Dr. Kobby Mensah Presents at UGBS Seminar Series

Dr. Kobby Mensah Presents at UGBS Seminar Series
Nov 14, 2017

Dr. Kobby Mensah of the Department of Marketing and Entrepreneurship presented at the UGBS Seminar Series held at the Graduate Campus on 20th October, 2017. The presentation was on the research topic “Mergers and Acquisition: Marketing Perspectives on Recent Bank Takeover in Ghana.”

Other members of the research team are Dr. Braimah Mahamah, Mr. Nana Banyin Harrison, Mr. Bismark Asante and Miss Amenuveve Ocloo.

The study which is at its proposal stage seeks to theorise the interconnectedness of behaviour of the identified groups in a Merger and Acquisition situation. It also seeks to understand how the customers, staff and the general public reacted to the bank crisis; how they will deal with the brands involved; and their perceptions of private versus public financial sectors.
According to Dr.

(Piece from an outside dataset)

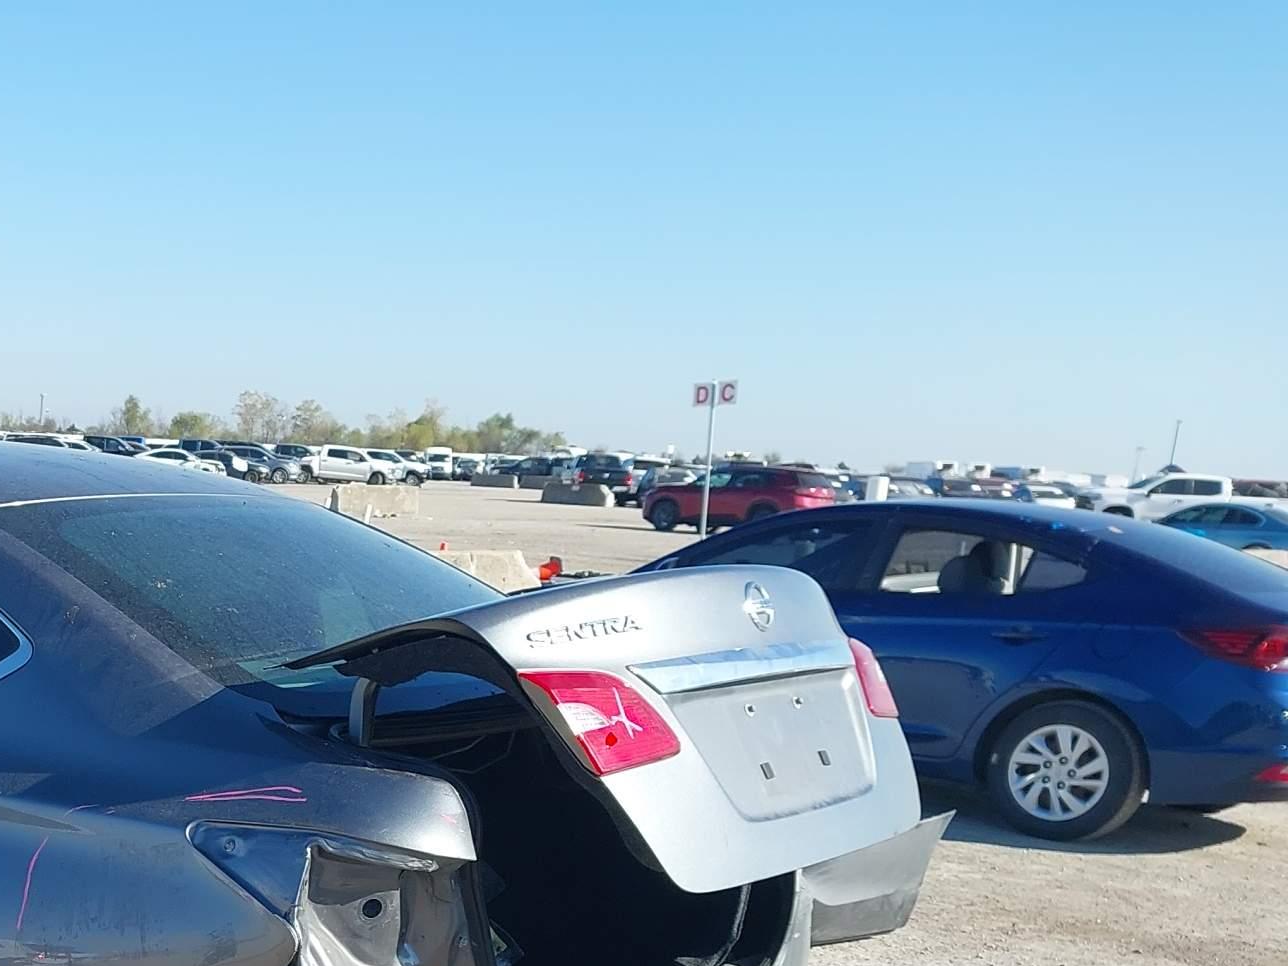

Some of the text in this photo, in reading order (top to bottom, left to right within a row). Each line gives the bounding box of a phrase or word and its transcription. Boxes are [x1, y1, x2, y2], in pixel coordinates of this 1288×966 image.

[696, 385, 710, 404] D
[720, 383, 736, 402] C
[525, 614, 644, 649] SENTRA

Mensah, from the theoretical perspective, extant literature is silent on addressing the marketing implications of Mergers and Acquisitions. For example, there is little knowledge on how consumers behave during crisis, and in this case, how consumers react to their financial services providers in such a situation.

Dr. Mensah used the GCB take-over of Capital Bank and UT Bank (CaPUT) as case study. Viewing this through marketing lens and using data from social media, Dr. Kobby Mensah and his team came up with the rationale supporting the study. He explained that brand image, brand likeness, brand promise and customer uncertainty are some the marketing issues that need investigating using the case study. In this case, according to Dr. Mensah, specific questions need to be answered, which include: What were customers’ first line of action at the announcement of the Takeover? What kind of information did customers receive and what were their sources? What were consumers’ state of mind? What were the decision options for customers? What is the acceptance level of the GCB brand?
Dr. Kobby Mensah emphasised on the necessity of the study to unearth the chronological pattern by which the customers of these two banks handled their money in the long run. He observed that consumers’ actions at the time of announcement could be withdrawal or maintenance of account at GCB or investment in other industries. The presentation ended with an interactive session of laudable contributions and recommendations from faculty and students.